Metadata-Version: 2.1
Name: PyNormaliz
Version: 2.11
Summary: An interface to Normaliz
Home-page: https://github.com/Normaliz/PyNormaliz
Author: Sebastian Gutsche, Richard Sieg
Author-email: sebastian.gutsche@gmail.com
License: UNKNOWN
Description: [![Build Status](https://travis-ci.org/Normaliz/PyNormaliz.svg)](https://travis-ci.org/Normaliz/PyNormaliz)
        [![Code Coverage](https://codecov.io/github/Normaliz/PyNormaliz/coverage.svg)](https://codecov.io/gh/Normaliz/PyNormaliz)
        
        # PyNormaliz - A python interface to Normaliz
        
        
        PyNormaliz provides an interface to [Normaliz](https://www.normaliz.uni-osnabrueck.de) via libNormaliz.
        It offers the complete functionality of Normaliz, and can be used interactively from python.

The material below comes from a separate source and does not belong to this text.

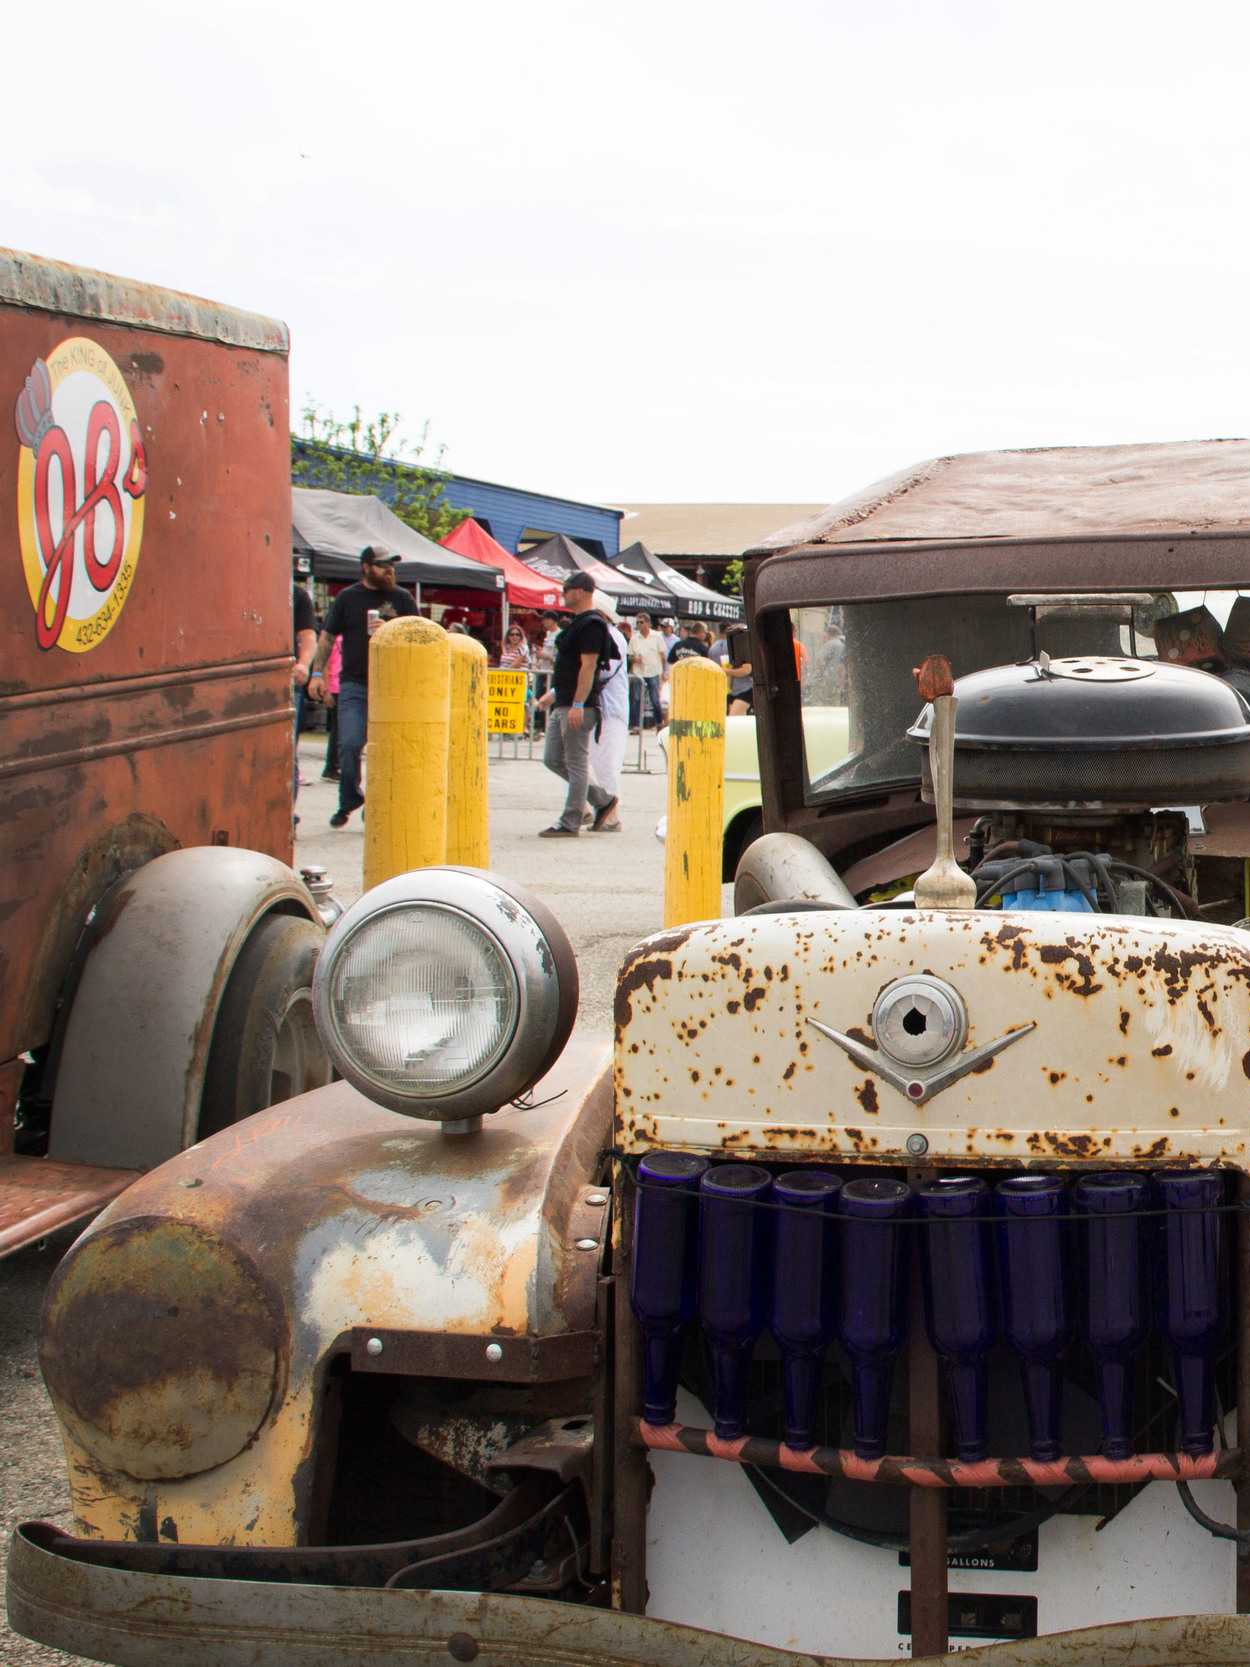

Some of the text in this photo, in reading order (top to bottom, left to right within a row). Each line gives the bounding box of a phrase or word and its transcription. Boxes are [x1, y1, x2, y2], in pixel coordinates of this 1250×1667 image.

[489, 686, 516, 697] ONLY
[494, 706, 509, 717] NO
[487, 719, 516, 730] CARS

        For a first example, see [this introduction](doc/PyNormaliz_Tutorial.pdf) by Richard Sieg (Slighty outdated: for the installation follow the instructions below).
        
        
        ## Requirements
        
        * python 2.7 or higher or python 3.4 or higher
        * Normaliz 3.8.3 or higher <https://github.com/Normaliz/Normaliz/releases>
        
        The source packages of the Normaliz realeases contain PyNormaliz.
        
        ## Installation
        
        The PyNormaliz install script assumes that you have executed
        
            ./install_normaliz_with_eantic.sh
        
        within the Normaliz directory. To install PyNormaliz navigate to the Normaliz directory and type
        
            ./install_pynormaliz.sh --user
        
        Also see Appendix E of the
        [Normaliz manual](https://github.com/Normaliz/Normaliz/blob/master/doc/Normaliz.pdf).
        
        ## Usage
        
        The command Cone creates a cone (and a lattice), and the member functions
        of Cone compute its properties. For a full list of input and output
        properties, see the Normaliz manual.
        
        We assume that you are running python 3.
        
        Start by
        
            import PyNormaliz
            from PyNormaliz import *
        
        To create a simple example, type
        
            C = Cone(cone = [[1,0],[0,1]])
        
        
        All possible Normaliz input types can be given as keyword arguments.
        
        The member functions allow the computation of the data of our cone.  For example,
        
            C.HilbertBasis()
        
        returns what its name says:
        
            [[0, 1], [1, 0]]
        
        is the matrix of the two Hilbert basis vectors.
        
        One can pass options to the compute functions as in
        
            C.HilbertSeries(HSOP = True)
        
        Note that some Normaliz output types must be specially encoded for python. Our Hilbert Series is returned as
        
            [[1], [1, 1], 0]
        
        to be read as follows: [1] is the numerator polynomial, [1,1] is the vector of exponents of t that occur in the denominator, which is (1-t)(1-t) in our case, and 0 is the shift.  So the Hilbert series is given by the rational function 1/(1-t)(1-t). (Also see [this introduction](doc/PyNormaliz_Tutorial.pdf).)
        
        One can also compute several data simultaneously and specify options ("PrimalMode" only added as an example, not because it is particularly useful here):
        
            C.Compute("LatticePoints", "Volume", "PrimalMode")
            
        Then
        
            C.Volume()
            
        retrieves the already computed result [1,1], which encodes the fraction 1/1 = 1. This is the lattice length of the diagonal in the square. The euclidean length, that has been computed simultaneously, is returned by
        
            C.EuclideanVolume()
            
        with the expected value
        
            1.4142135623730951
        
        By using Python functions, the functionality of Normaliz can be extended. For example, 
            
            def intersection(cone1, cone2):
                intersection_ineq = cone1.SupportHyperplanes()+cone2.SupportHyperplanes()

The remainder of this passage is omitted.